If anyone has any objections, please let me know.
------------------
From: Davidlohr Bueso <dave@stgolabs.net>
This patch moves the wakeup_process() invocation so it is not done under
the info->lock by making use of a lockless wake_q. With this change, the
waiter is woken up once it is STATE_READY and it does not need to loop
on SMP if it is still in STATE_PENDING. In the timeout case we still need
to grab the info->lock to verify the state.
This change should also avoid the introduction of preempt_disable() in -rt
which avoids a busy-loop which pools for the STATE_PENDING -> STATE_READY
change if the waiter has a higher priority compared to the waker.
Additionally, this patch micro-optimizes wq_sleep by using the cheaper
cousin of set_current_state(TASK_INTERRUPTABLE) as we will block no
matter what, thus get rid of the implied barrier.

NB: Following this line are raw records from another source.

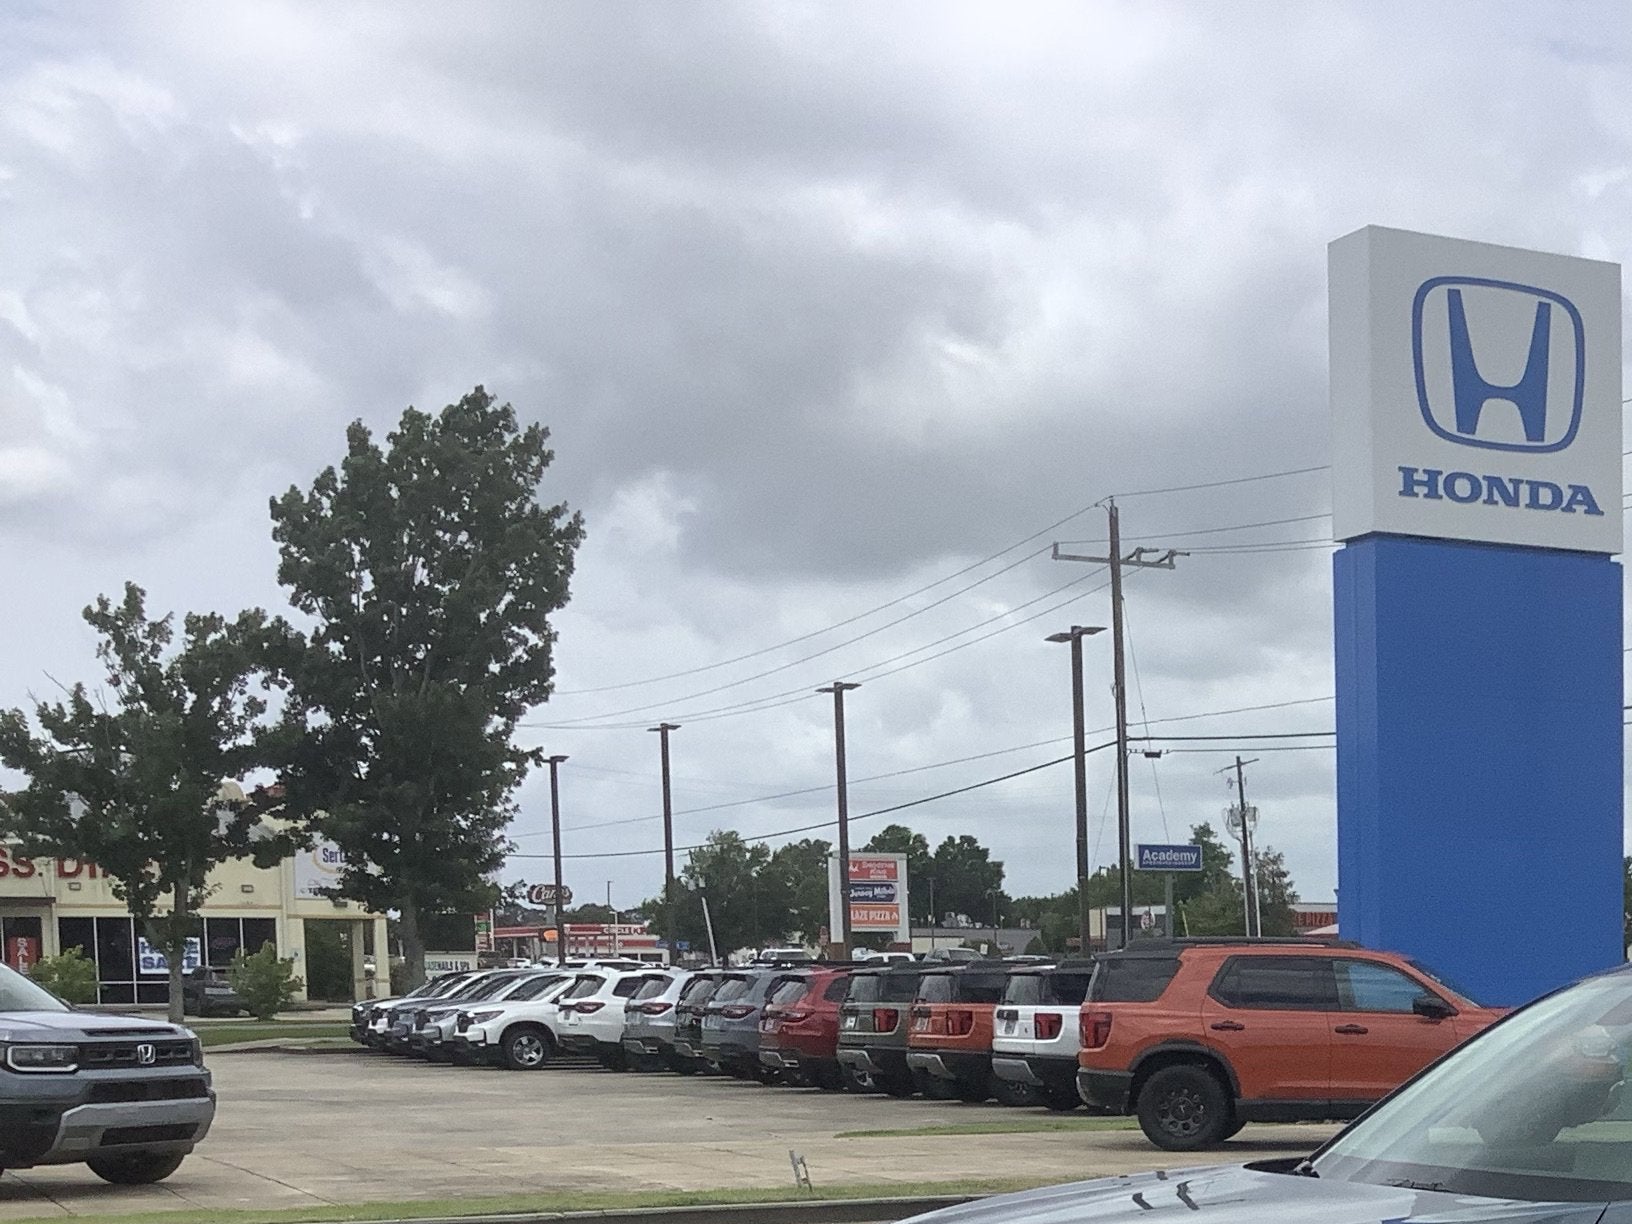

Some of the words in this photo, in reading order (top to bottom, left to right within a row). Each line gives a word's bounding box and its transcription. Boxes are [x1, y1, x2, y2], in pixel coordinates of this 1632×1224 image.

[1398, 466, 1605, 516] HONDA
[1142, 849, 1198, 865] Academy
[850, 910, 869, 921] LAZE
[869, 911, 891, 921] PIZZA
[141, 956, 198, 970] SAE

Cc: stable-rt@vger.kernel.org
Signed-off-by: Davidlohr Bueso <dbueso@suse.de>
Signed-off-by: Peter Zijlstra (Intel) <peterz@infradead.org>
Acked-by: George Spelvin <linux@horizon.com>
Acked-by: Thomas Gleixner <tglx@linutronix.de>
Cc: Andrew Morton <akpm@linux-foundation.org>
Cc: Borislav Petkov <bp@alien8.de>
Cc: Chris Mason <clm@fb.com>
Cc: H. Peter Anvin <hpa@zytor.com>
Cc: Linus Torvalds <torvalds@linux-foundation.org>
Cc: Manfred Spraul <manfred@colorfullife.com>
Cc: Peter Zijlstra <peterz@infradead.org>
Cc: Sebastian Andrzej Siewior <bigeasy@linutronix.de>
Cc: Steven Rostedt <rostedt@goodmis.org>
Cc: dave@stgolabs.net
Link: http://lkml.kernel.org/r/1430748166.1940.17.camel@stgolabs.net
Signed-off-by: Ingo Molnar <mingo@kernel.org>
Signed-off-by: Sebastian Andrzej Siewior <bigeasy@linutronix.de>
Signed-off-by: Steven Rostedt <rostedt@goodmis.org>
---
ipc/mqueue.c | 53 ++++++++++++++++++++++++++++++++---------------------
1 file changed, 32 insertions(+), 21 deletions(-)
diff --git a/ipc/mqueue.c b/ipc/mqueue.c
index 516902313dc3..79351b5dd0a1 100644
--- a/ipc/mqueue.c
+++ b/ipc/mqueue.c
@@ -47,8 +47,7 @@
#define RECV 1
#define STATE_NONE 0
-#define STATE_PENDING 1
-#define STATE_READY 2
+#define STATE_READY 1
struct posix_msg_tree_node {
struct rb_node rb_node;
@@ -571,15 +570,12 @@ static int wq_sleep(struct mqueue_inode_info *info, int sr,
wq_add(info, sr, ewp);
for (;;) {
- set_current_state(TASK_INTERRUPTIBLE);
+ __set_current_state(TASK_INTERRUPTIBLE);
spin_unlock(&info->lock);
time = schedule_hrtimeout_range_clock(timeout, 0,
HRTIMER_MODE_ABS, CLOCK_REALTIME);
- while (ewp->state == STATE_PENDING)
- cpu_relax();
-
if (ewp->state == STATE_READY) {
retval = 0;
goto out;
@@ -907,11 +903,15 @@ out_name:
* list of waiting receivers. A sender checks that list before adding the new
* message into the message array. If there is a waiting receiver, then it
* bypasses the message array and directly hands the message over to the
- * receiver.
- * The receiver accepts the message and returns without grabbing the queue
- * spinlock. Therefore an intermediate STATE_PENDING state and memory barriers
- * are necessary. The same algorithm is used for sysv semaphores, see
- * ipc/sem.c for more details.
+ * receiver. The receiver accepts the message and returns without grabbing the
+ * queue spinlock:
+ *
+ * - Set pointer to message.
+ * - Queue the receiver task for later wakeup (without the info->lock).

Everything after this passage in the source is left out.